W3C home > Mailing lists > Public > www-rdf-interest@w3.org > April 2002

RE: Explicit Disambiguation Via RDF bNodes, more Process

From: Danny Ayers <danny666@virgilio.it>
Date: Sat, 27 Apr 2002 00:52:51 +0200
To: "Joshua Allen" <joshuaa@microsoft.com>, "Sandro Hawke" <sandro@w3.org>, <www-rdf-interest@w3.org>
Message-ID: <EBEPLGMHCDOJJJPCFHEFCENHFNAA.danny666@virgilio.it>
blah below, to cut it short :

I'm saying that if

the URI http://www.markbaker.ca/index.html is equivalent to the set

[markBakerThePerson(person), theWebSiteAtThisURL(website),

where markBakerThePerson, theWebSiteAtThisURL etc are just local identifiers
I'm using - anonymous nodes even - for elements in the URI, which is a set
btw, - and (person), (website) etc are types/classes defined in shared

and 'livesIn' and 'respondsToGET' are predicates in shared schema that apply
to (URI.person, place) and (URI.website, string)

and someones states that http://www.markbaker.ca/index.html  livesIn Miami

and someone states that http://www.markbaker.ca/index.html respondsToGET

then I can reasonably ask

Where does  http://www.markbaker.ca/index.html  live?

and expect the answer 'Miami'.


>I don't think that the people on this list are representative.  The
>people on this list enjoy intellectual debate, and are deliberately
>trying to come up with various alternatives.  That's successful
>brainstorming and opinionated discourse; it doesn't prove a crisis in
>the status of URIs as identifiers.

Gawd help us if they are, but if people here are able to bend & twist the
meaning of URIs, doesn't that suggest at least that it is possible? (and
thus probable 'in the wild')

>> rigid mapping to last without breaking in an environment with
>> millions (billions?) of users seems to me to be optimistic, to say the
>> least. If you can give me one example in the history of humanity where
>> such a thing has remained constant, then I'll concede the point.
>This is a poor argument.  Words mean things.  Just because there are
>rare cases where a word will be used with connotation that is opposite
>its normal connotation does not mean that words are meaningless.  Are
>words "too far gone"?

If systems are designed so that 'one' represents 1.00, then they may not
work if someone uses 'one' to mean 1.01.
Whereas if systems are designed to accept 'one' as 1 +/- 0.1 then there's no
problem. This in a way is orthogonal - better would be to say that 'one' can
mean 1.00 or a string of characters or myself.

>I don't have to prove that ambiguity never existed to assert that
>gratuitous ambiguity is a stupid strategy.

Eye for 1.00 am trying to look at ways of reducing ambiguity.

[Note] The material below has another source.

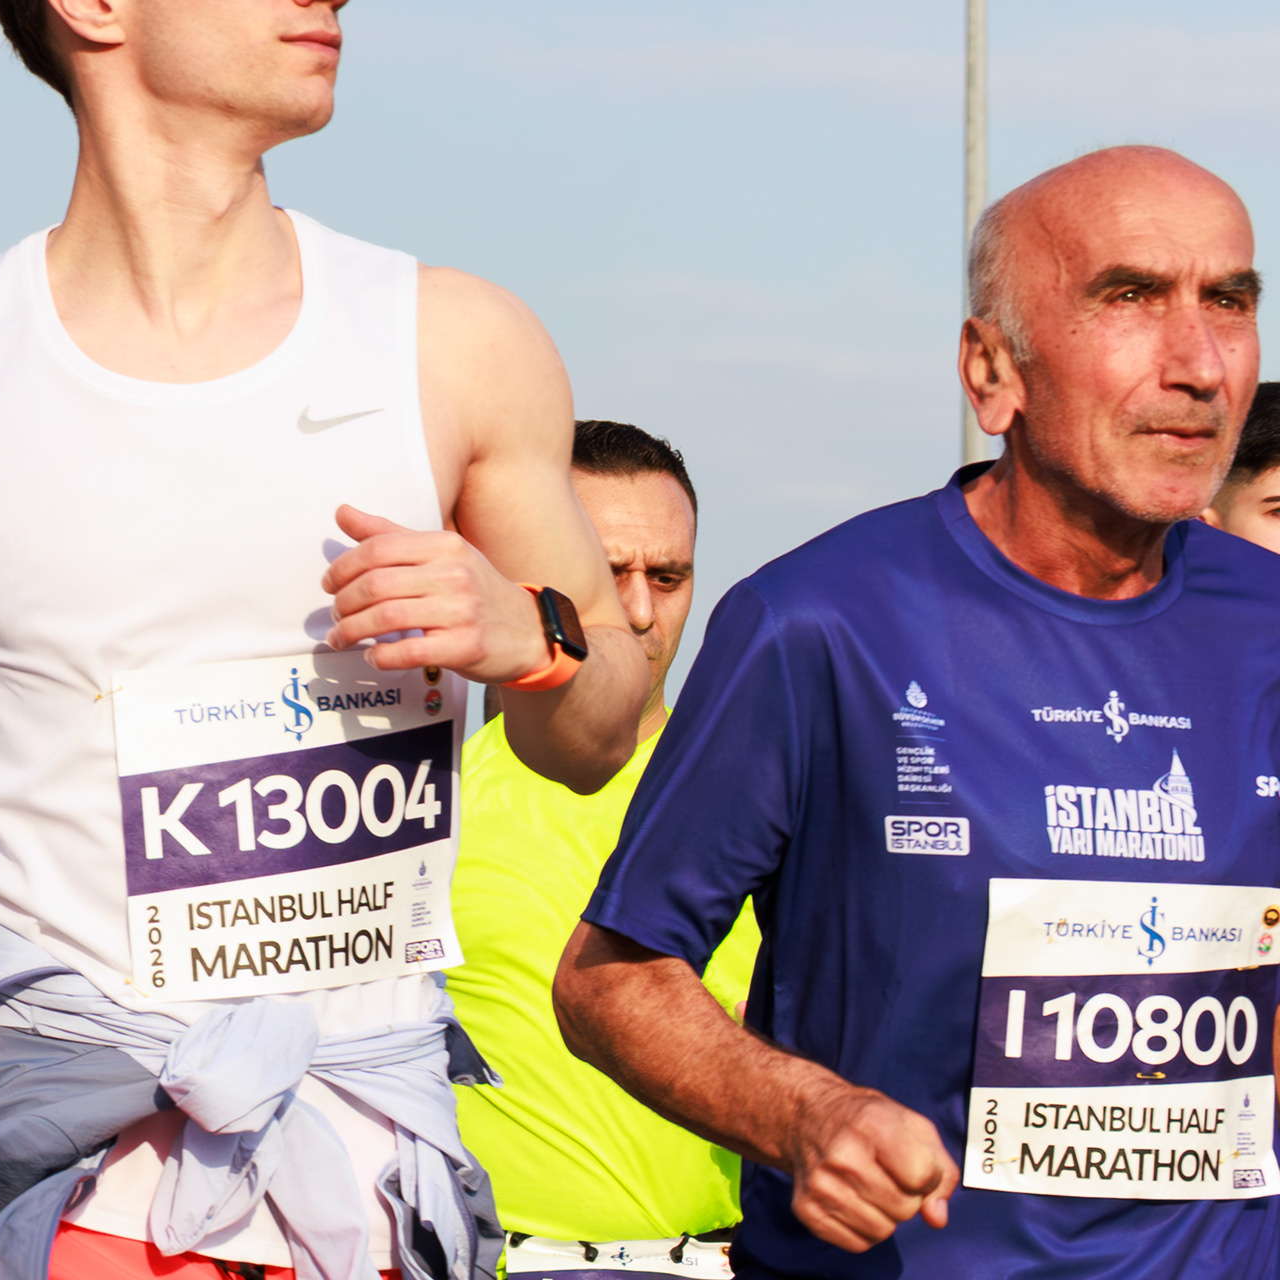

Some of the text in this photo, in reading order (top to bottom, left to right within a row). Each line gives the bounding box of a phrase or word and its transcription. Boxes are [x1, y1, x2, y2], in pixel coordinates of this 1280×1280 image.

>> doesn't help. They each have a role in different problem-solving
>> scenarios : the first is critical to most forms of communication, the
>There is only one very simple problem being solved here.  If I want to
>allow millions of people to independently share their assertions and
>know that they are talking about the same "thing", how do I identify a
>> look at the reality of the URI rather than trying to change it or
>invent a
>Yes.  The reality is that URIs which use http: refer to something that
>uses HTTP -- a web page.

Hmm - I believe it might have been said before on this list - 'a web page'
is only one possible interpretation, even accepting that the http: means the
HTTP protocol.

>> magic "UTI" to replace it (apart from locally - no problem with UTIs
>> there).
>But locality is the opposite of the semantic web, so I guess this is
>off-topic.  And the idea of a "local universal identifier" sounds pretty

What I meant here is that the application on machine X may use the
identifier ABCD to refer to the web page http://... and all the assertions
it finds about it. It may use another identifier to refer to the person
who's home page shares the same URI.

>> I think viewing the URI as a set and using context within inference is
>> probably the best pragmatic solution.
>I have no idea what you are talking about.

see top

  Do you have an example of
>how to solve the simple problem I pointed out?

Sorry, I've gone back through the last dozen or so of your posts and I can't
find the problem - could you please repeat it. Here's a question in the
meantime, you said :

The anonymous (or named if you want) node:
[http://www.markbaker.ca/index.html dc:Creator]
Identifies the person.

The node:
Identifies the page.

If I am to use this information in my inference system, how exactly do I
know that the first of these identifies the person, and the second the page?